Starbucks (NASDAQ: SBUX) announced their third quarter fiscal 2020 earnings results, beating top line analyst estimates, and posting better than expected Chinese sales performance.
This caused shares to trade higher aftermarket.
The company generated $4.2B of revenue, above street consensus by 2%, but -38% lower year-over-year.
Non-GAAP earnings per share however came in at ($0.46)/sh, 19% below analyst expectations of $-0.57.
Starbuck’s EBITDA for the reported quarter was ($330.5)M, which was 8% higher than analyst targets.
Additionally due to its important stake in the Chinese coffee market, investors are pleased to know that Chinese comparable store sales growth for the reported quarter was (19%), which was higher than management’s expectations of between (25%) to (35%).
In line with this growth, Chinese domestic revenue for the quarter was up by 63% quarter-over-quarter at $624.4M.
The better than expected performance in China, led management to revise their previously expected Chinese comparable store sales growth of (10%) to flat, be raised to (5%) to flat.
New Paradigm
Regardless of its global outreach, Starbucks’ share performance has been dismal compared to its competitors.
As shown, compared to J.M. Smucker Co.
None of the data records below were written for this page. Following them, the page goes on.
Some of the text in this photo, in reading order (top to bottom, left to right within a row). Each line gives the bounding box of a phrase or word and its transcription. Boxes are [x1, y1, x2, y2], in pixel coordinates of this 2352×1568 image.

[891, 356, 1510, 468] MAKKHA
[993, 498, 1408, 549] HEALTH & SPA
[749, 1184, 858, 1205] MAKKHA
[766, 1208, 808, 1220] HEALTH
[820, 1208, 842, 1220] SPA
Starbuck’s share price has performed poorly. The cause of this is most likely credited to the rise in demand for home-made coffee beverages.
The pandemic caused lockdown has led many coffee drinkers resort to home-made coffee beverages than ever before.
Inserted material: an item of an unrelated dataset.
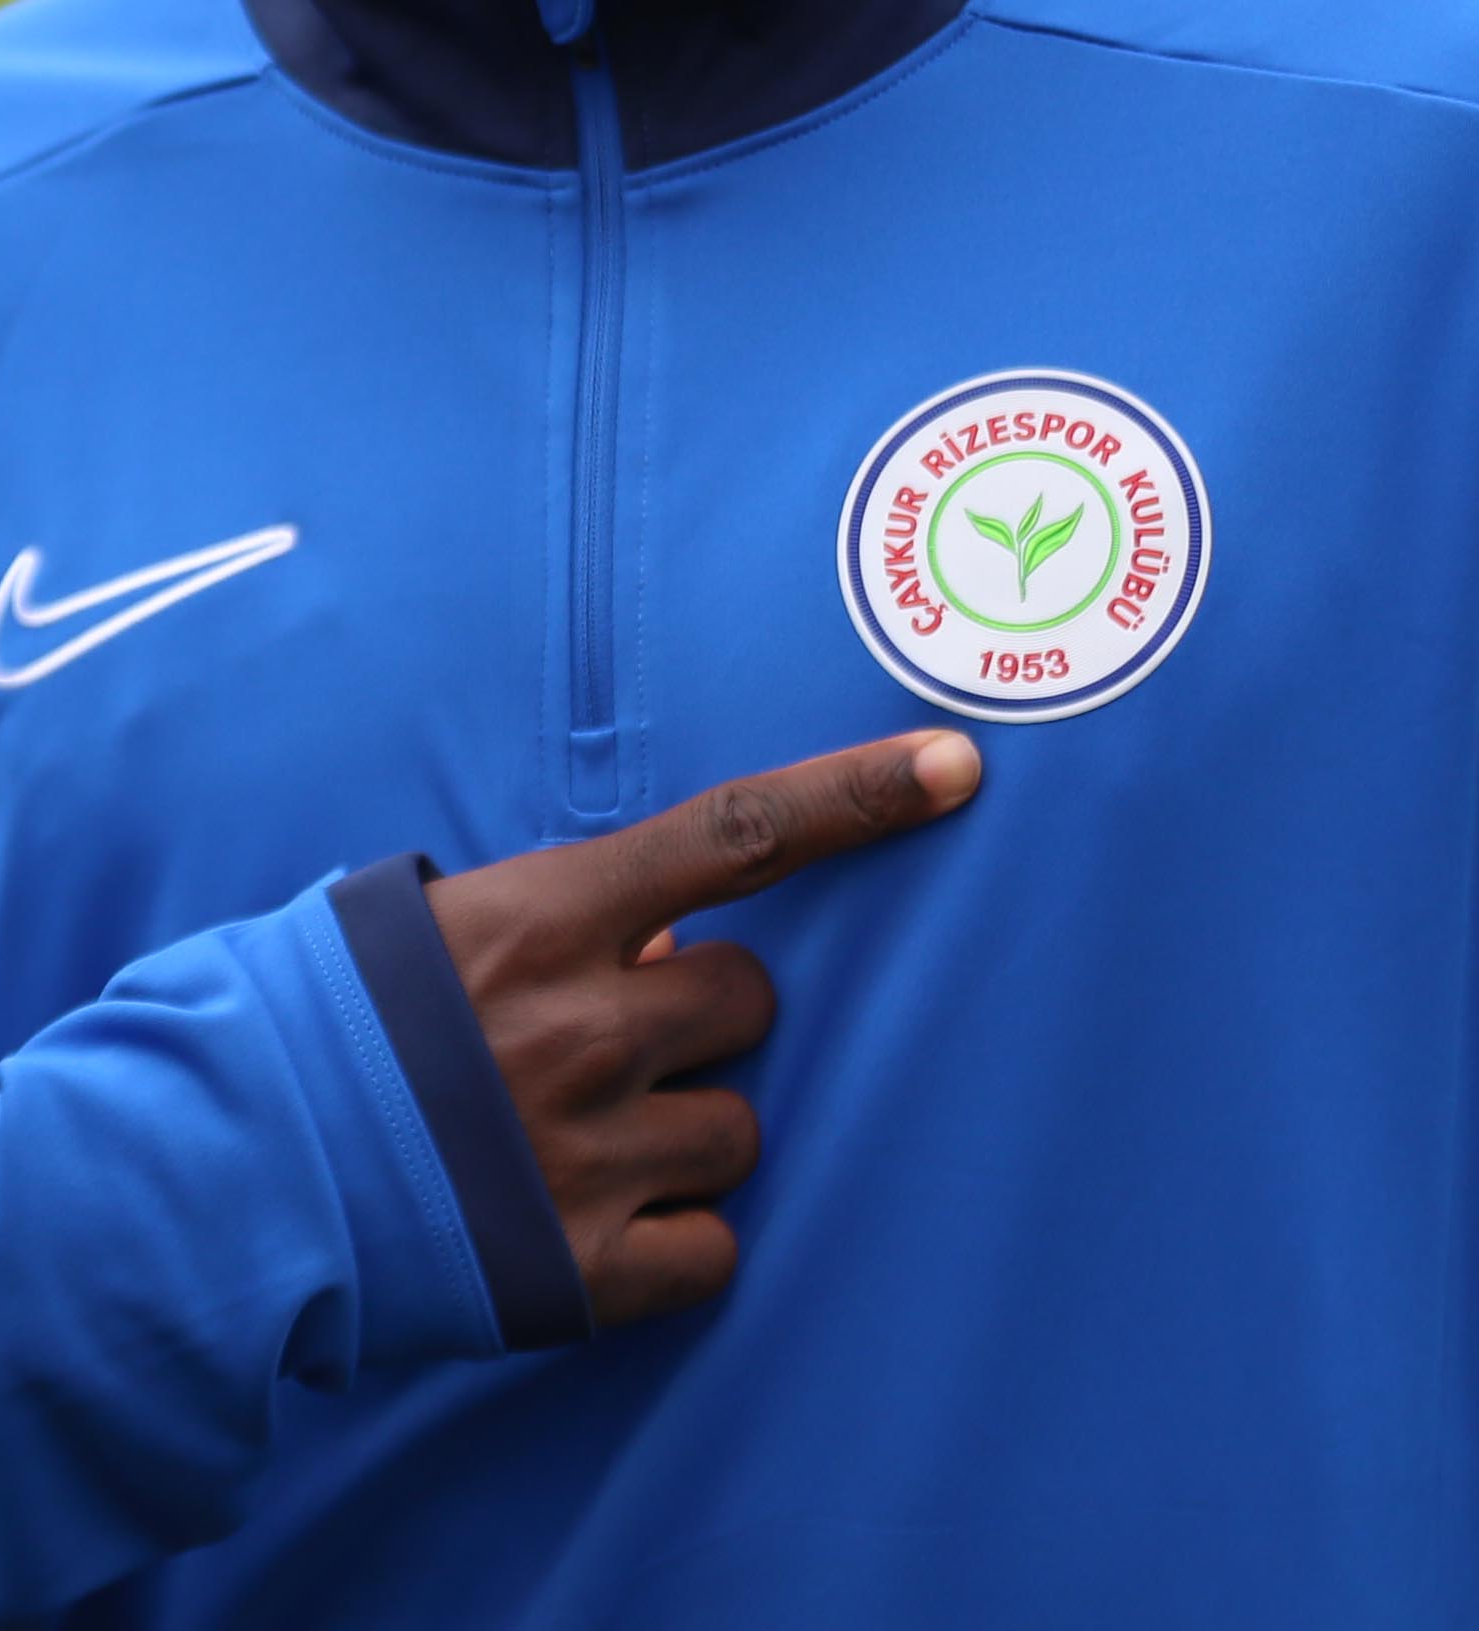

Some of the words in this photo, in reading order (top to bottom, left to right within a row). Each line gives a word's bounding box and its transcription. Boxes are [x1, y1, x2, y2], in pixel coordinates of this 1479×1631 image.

[883, 485, 948, 636] ÇAYKUR
[921, 411, 1122, 479] RİZESPOR
[1106, 469, 1171, 632] KULÜBÜ
[978, 647, 1070, 684] 1953
Even as the lockdown has now begun to ease in many areas, people have grown accustomed to either making coffee at the safety of their homes or getting delivered to their doorstep.
This trend has allowed J.M. Smucker Co.’s revenues to rise lately thanks to their popular Folgers Coffee products.
Their partnership with Dunkin’ Brands Group in selling Dunkin’ branded premium bagged coffee has also contributed greatly to their sales as well.
This is in stark contrast to the yearly revenue growth of Starbucks as illustrated below.
Although Starbucks also sells home-made coffee products, their scalability is not as great as Folgers coffee which is sold in almost every grocery chain.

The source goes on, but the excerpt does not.